Wednesday, May 2, 2012

a real blogger

Am I the only one who regularly experiences that awkward moment? You know, like when someone approaches you in the store and embraces you like you're an old friend, only you totally can't remember how you know them?

Or when you're sitting at church listening to a sermon and your four year old pulls your spare nursing pad out of your purse and waves it around asking "Can I have this??" ....for 15 seconds or so until you realize what he's waving? (not that I would know...)

This happens to me often as a blogger. Because honestly...confession time...I'm not a real blogger. I am a really good faker though, and sometimes I almost think I'm a real blogger. But then I read something online- like a really good article on "Why Header Design Matters" - and I realize maybe I'm not doing as great a job of faking it as I think I am.

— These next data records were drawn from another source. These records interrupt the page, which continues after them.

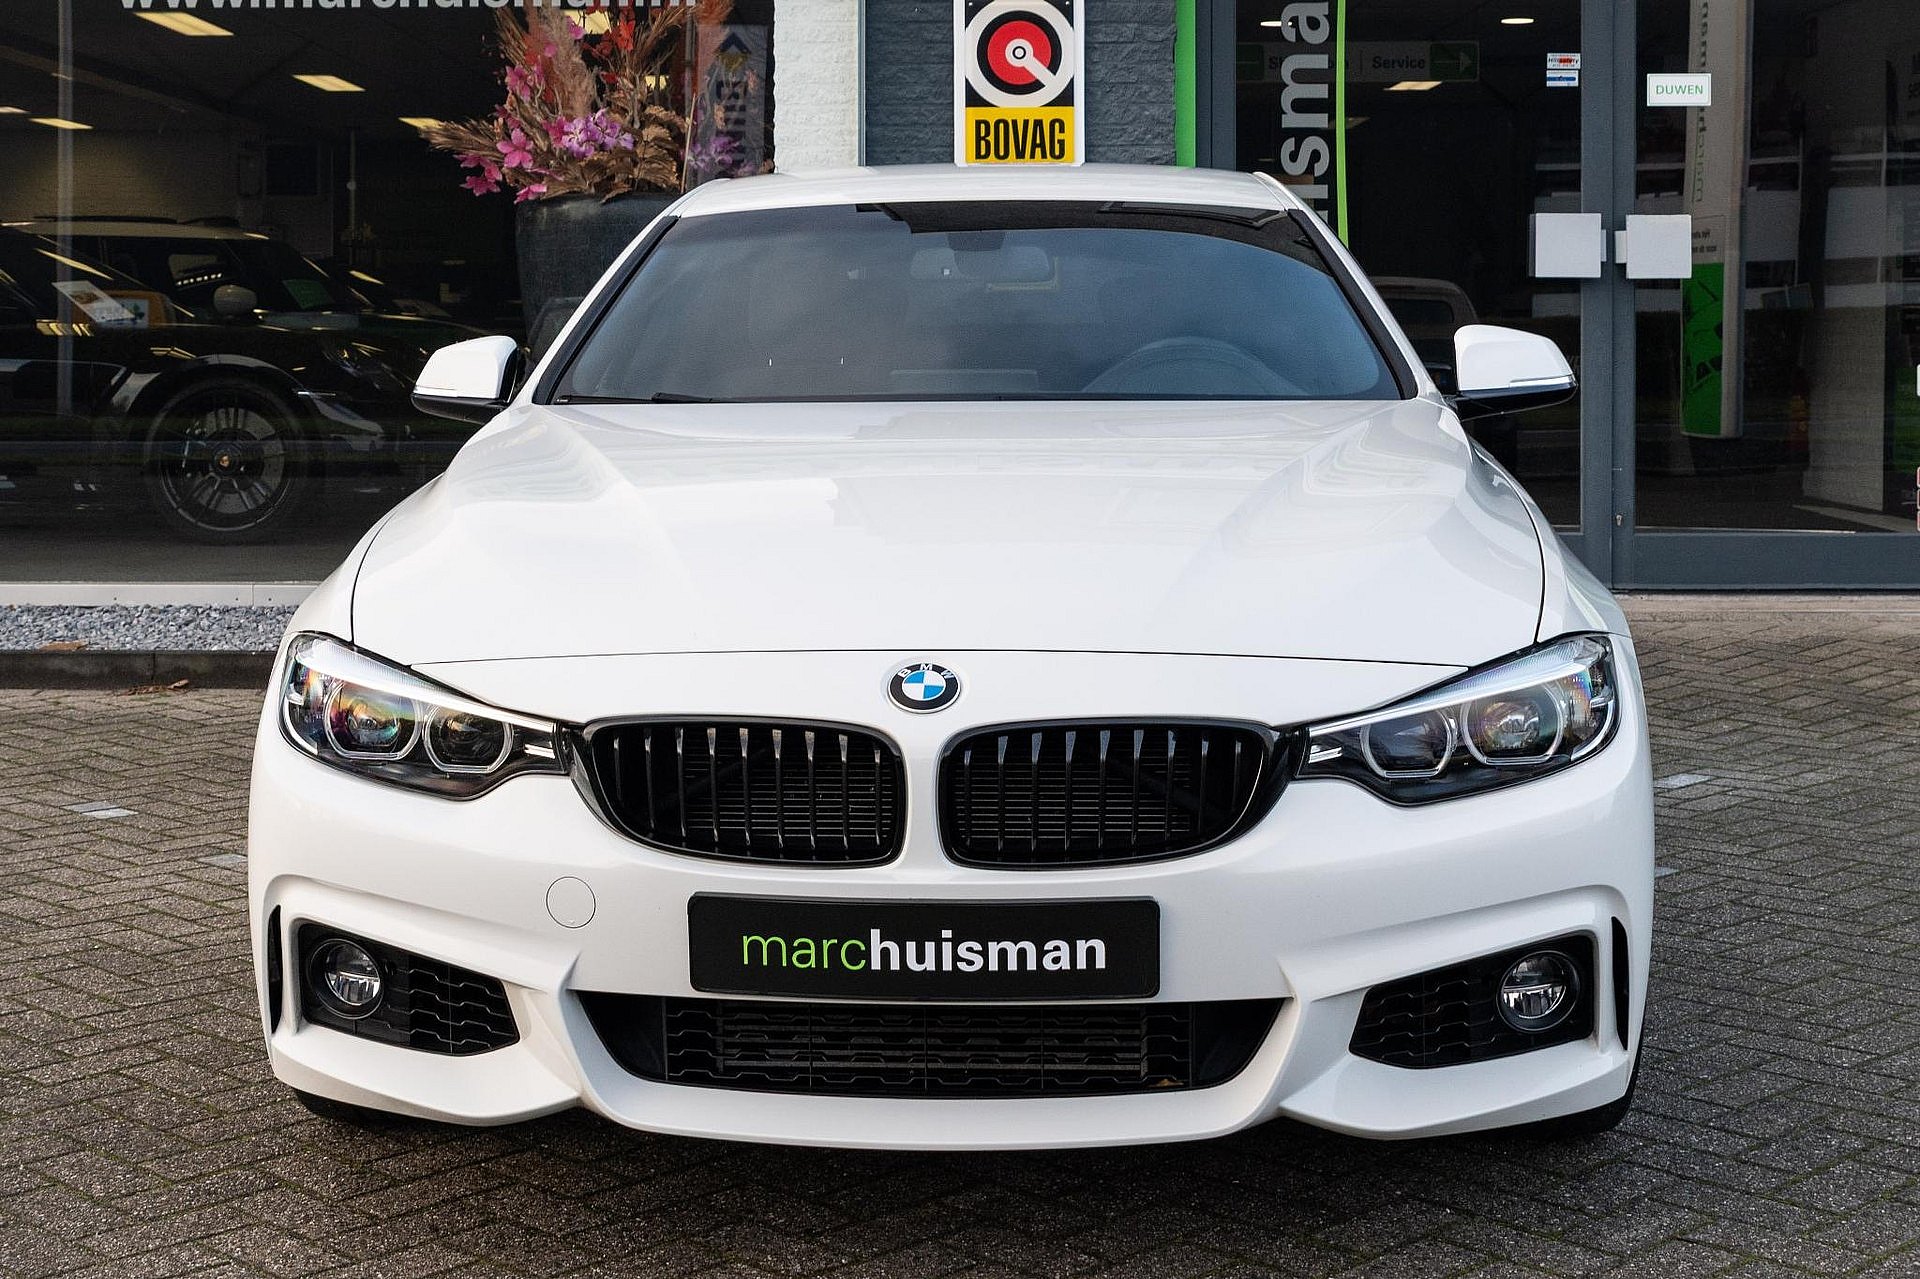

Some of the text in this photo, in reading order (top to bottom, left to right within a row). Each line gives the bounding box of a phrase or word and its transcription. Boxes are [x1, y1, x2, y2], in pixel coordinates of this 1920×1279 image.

[1372, 55, 1425, 69] Service
[1655, 84, 1703, 95] DUWEN
[974, 118, 1066, 161] BOVAG
[898, 663, 955, 679] BMW
[741, 928, 1107, 972] marchuisman

Because my blog header has been bugging me for a loooong time, and I hope I was the only who who noticed it was always a little too square, always hanging-off-to-the-left instead of centered, and usually broke the (apparently) #1 rule of "don't blow all your above the fold (the area before you scroll) real estate on it."   Oops.

And then yesterday, right after reading about how much my blog header stinks, I received the sweetest email from someone asking for blogging advice. (Kate, if you're reading this post, ignore the next few sentences). And I sort of cringed and thought: oh no. she thinks I'm a REAL blogger.

So I decided to enlist some help yesterday, and go to someone whom I consider a real blogger, to fix my header. Because whenever I go to read Krista Ewert's One Beautiful Life, I stop for at least a full minute before reading, just coveting my neighbor's property...her header is perfectly aligned, her layout is clean and organized, her photography is flawless. And her posts read like a well-written novel. And that's when I remember- ooooh that's right- Krista is a real blogger.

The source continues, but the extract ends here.